DIRECTIONS =
Please restate the data below word for word, omitting all images.

Phrase grounding data =
━━━━━━
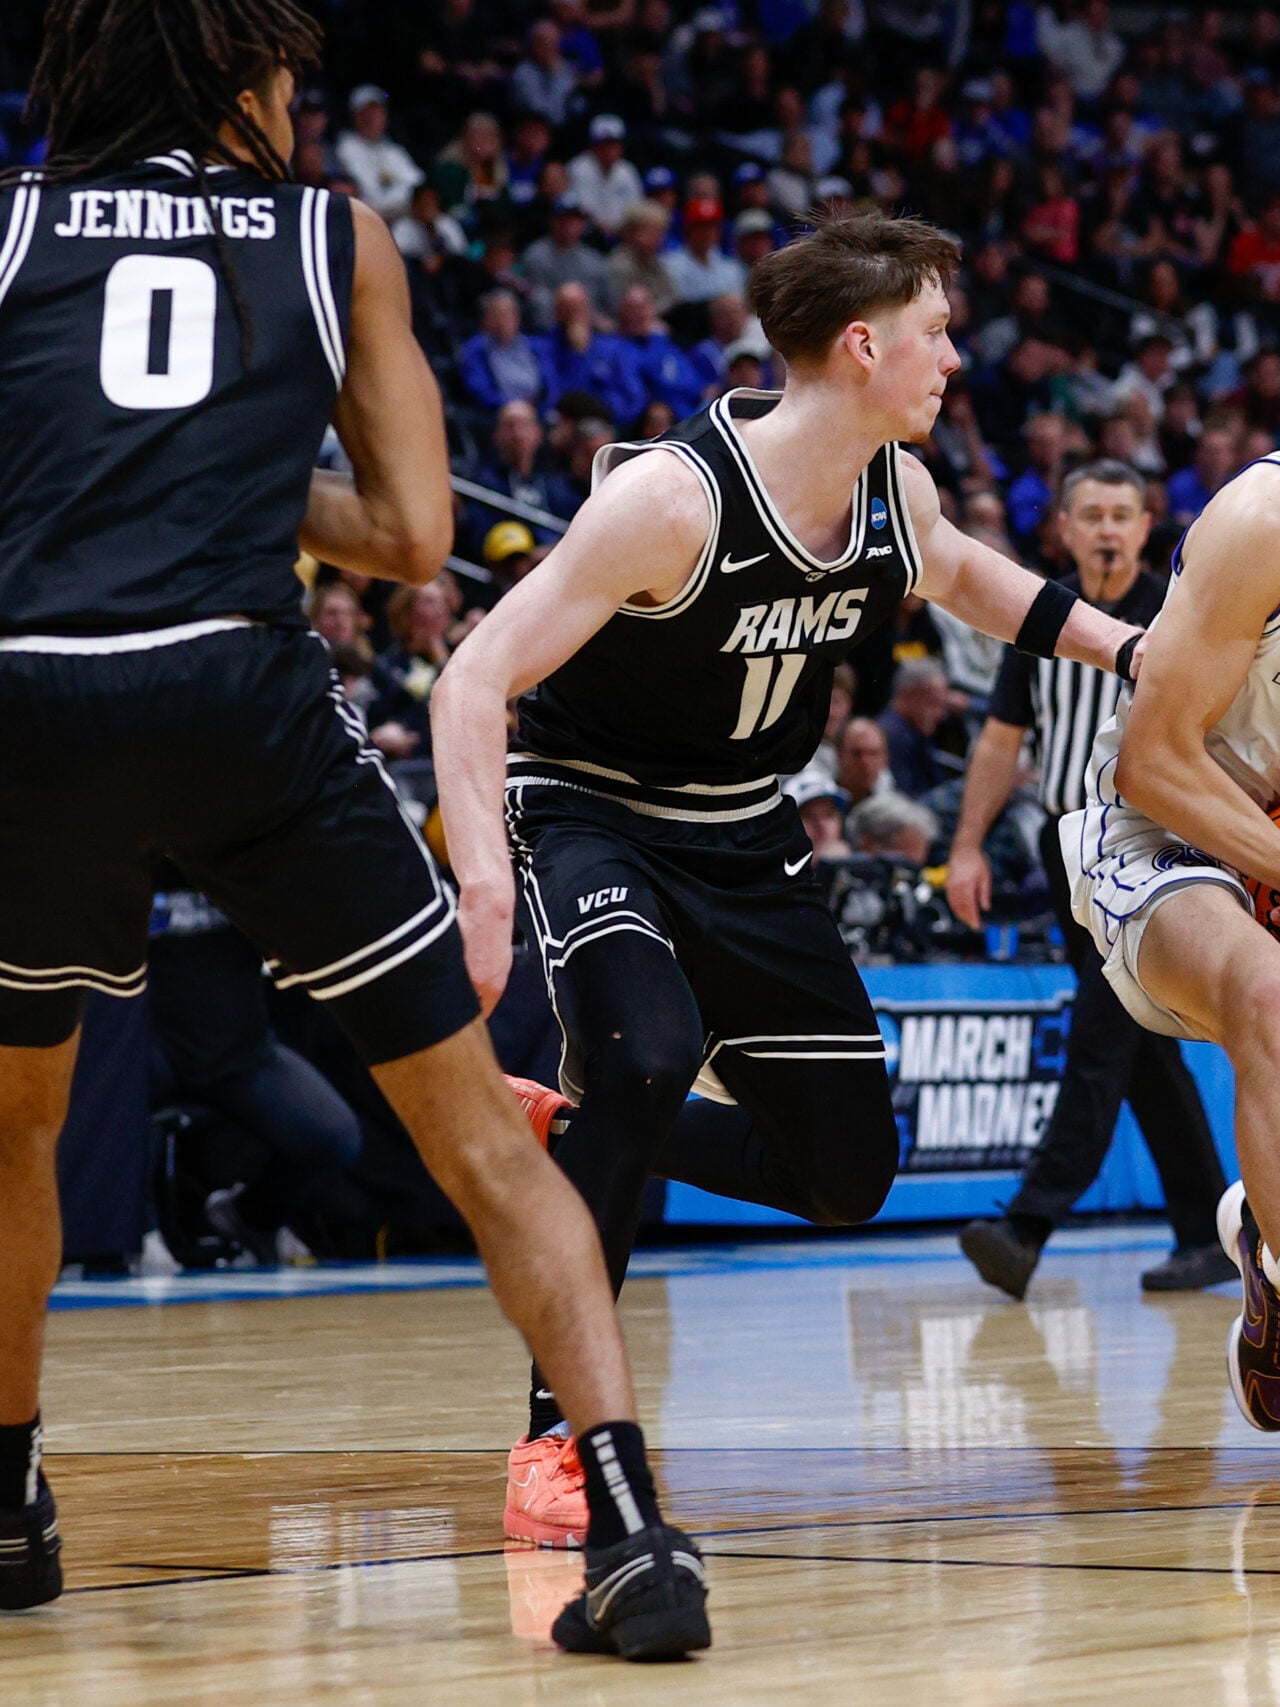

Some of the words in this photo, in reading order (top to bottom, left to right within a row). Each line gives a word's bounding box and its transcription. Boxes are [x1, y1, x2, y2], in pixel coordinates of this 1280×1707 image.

[54, 189, 277, 240] JENNINGS
[100, 253, 218, 411] 0
[718, 587, 870, 654] RAMS
[728, 653, 808, 740] 11
[576, 886, 629, 915] VCU
[898, 1014, 1033, 1082] MARCH
[915, 1079, 1061, 1149] MADNE
━━━━━━
RESULT OF THIS EXERCISE =
Some of the words in this photo, in reading order (top to bottom, left to right within a row). Each line gives a word's bounding box and its transcription. Boxes are [x1, y1, x2, y2], in pixel coordinates of this 1280×1707 image.

[54, 189, 277, 240] JENNINGS
[100, 253, 218, 411] 0
[718, 587, 870, 654] RAMS
[728, 653, 808, 740] 11
[576, 886, 629, 915] VCU
[898, 1014, 1033, 1082] MARCH
[915, 1079, 1061, 1149] MADNE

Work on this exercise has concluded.